The model fit will worsen as you reduce the number of terms/features (and the model fit will increase as you add more features). If we had a term for every word that appeared at least once in the corpus of all abstracts in the neurosynth dataset, then that would provide the best model fit, as you remove terms, the model fit will worsen, but if your goal is just to derive some related terms to a region of interest, then model fit is not as important.

Let me know if you have further questions!
James

P.S., I didn’t test all the code so apologies if there are syntax errors

shanshan_zhu · January 15, 2025, 6:11am

Thank you for your assistance—it was incredibly helpful! I ran the code you provided, and although I encountered a minor error, I was able to resolve it by modifying the code as follows:

terms_to_keep = ['id'] + [term for term in ds.annotations.columns if term.split('__')[-1] in cognitive_atlas_terms]
ds.annotations = ds.annotations[terms_to_keep]

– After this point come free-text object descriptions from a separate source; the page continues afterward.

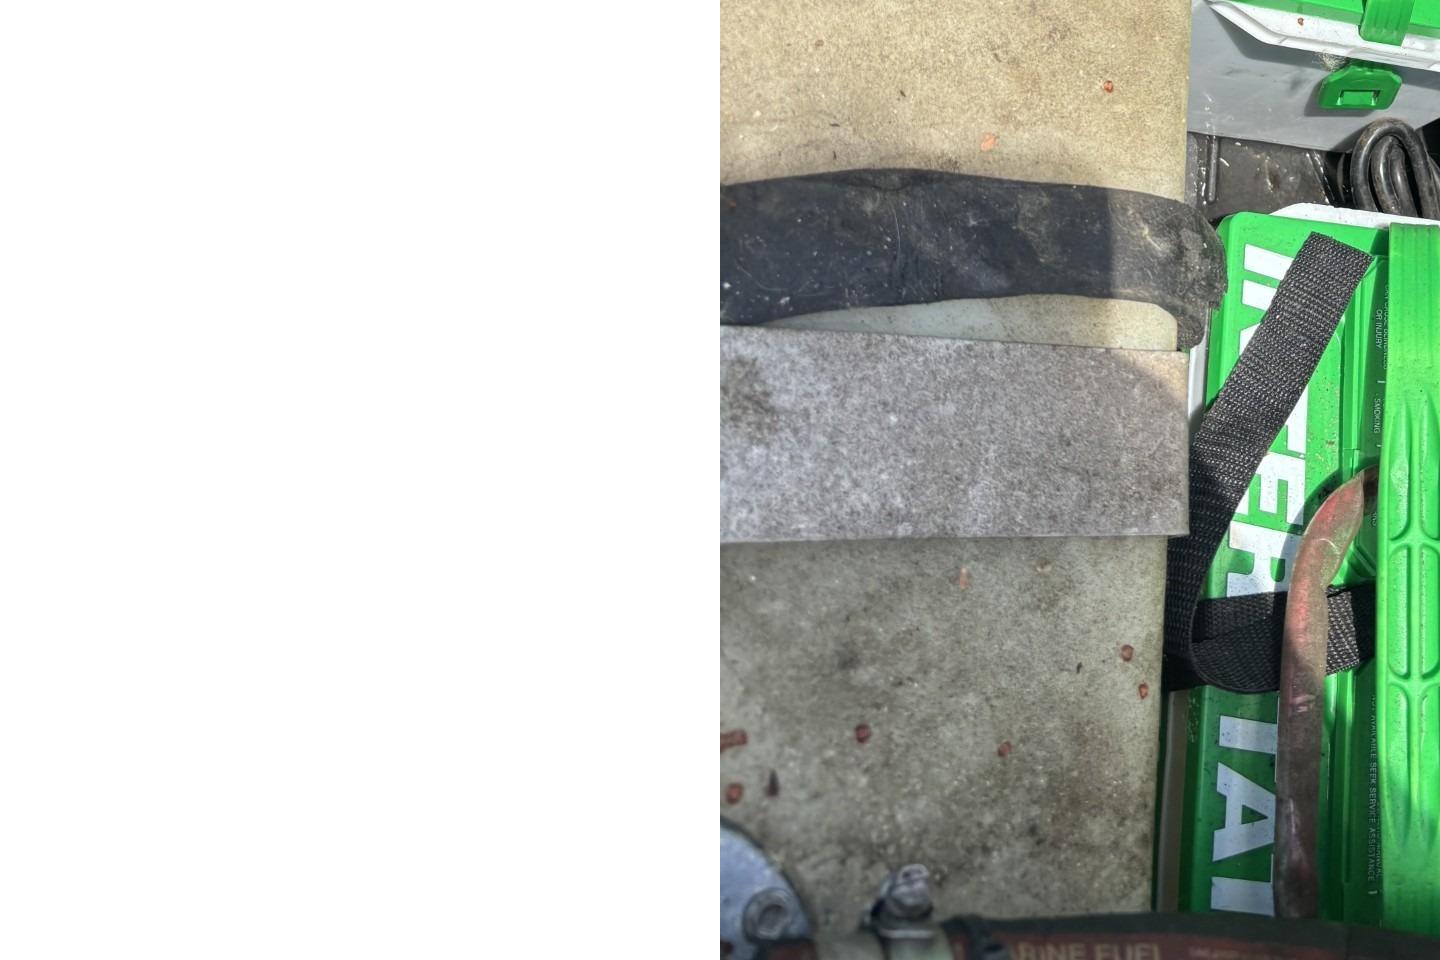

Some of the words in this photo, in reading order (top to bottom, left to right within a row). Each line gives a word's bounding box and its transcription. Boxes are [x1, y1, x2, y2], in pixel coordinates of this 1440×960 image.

[1376, 310, 1383, 321] OR
[1373, 398, 1381, 434] SMOKING
[1369, 762, 1377, 785] SEEK
[1369, 787, 1377, 823] SERVICE
[1368, 827, 1377, 881] ASSISTANCE

With this adjustment, the output was a DataFrame containing “feature” and “r” columns. However, I’m a bit unsure about how to interpret the results. Regarding the “r” column, I assume it represents the Pearson correlation coefficient. Does this correlation indicate the relationship between my input ROI and the meta-analytic functional map associated with the corresponding term?

Additionally, would it be feasible to extract each word (such as the “association” part in "terms_abstract_tfidf__association") along with its corresponding “r” value to create a word cloud? Is this a valid approach? Lastly, as you suggested, I’m currently working on using the entire ALE statistical map as input for decoding. Just to clarify, should this map remain unthresholded?

Once again, thank you for your guidance—I truly appreciate it!

shanshan_zhu · February 3, 2025, 7:34am

Hi @jdkent ,

Thank you again for your previous assistance. However, I’m encountering an error when attempting to use the entire ALE statistical map as input for decoding. Here’s the error message I’m receiving:

And I don’t encounter this issue when using the decode.discrete.ROIAssociationDecoder() . Why is it that this error only occurs when using nimare.continuous.CorrelationDecoder() ?

The code is mostly the same as before, with the only difference being that I am now extracting terms from the Neurosynth database related to Cognitive Atlas and using the continuous decoder.

terms_to_keep = ['id'] + ['study_id'] + ['contrast_id'] + [term for term in ds.annotations.columns if term.split('__')[-1] in cognitive_atlas_terms]

input = "../output/control_all_z.nii.gz"
decoder = nimare.decode.continuous.CorrelationDecoder(
    input,
    frequency_threshold=0.001
)

Thank you again for your support!

Best regards,
Shanshan

jdkent · February 21, 2025, 5:53pm

With this adjustment, the output was a DataFrame containing “feature” and “r” columns. However, I’m a bit unsure about how to interpret the results. Regarding the “r” column, I assume it represents the Pearson correlation coefficient. Does this correlation indicate the relationship between my input ROI and the meta-analytic functional map associated with the corresponding term?

Yes, you are correct, it represents the Pearson correlation coefficient between the average “modeled activation” value for that ROI with the corresponding term (see relevant documentation). So each study will have a modeled activation value and a tfidf value, and the correlation is determined across the ~14,000 studies.

Additionally, would it be feasible to extract each word (such as the “association” part in "terms_abstract_tfidf__association" ) along with its corresponding “r” value to create a word cloud?

This sounds reasonable to me, words whose correlations closer to 1 would be larger, and those closer to 0 would be smaller.

Lastly, as you suggested, I’m currently working on using the entire ALE statistical map as input for decoding. Just to clarify, should this map remain unthresholded?

Yes, correct, the map would not be thresholded.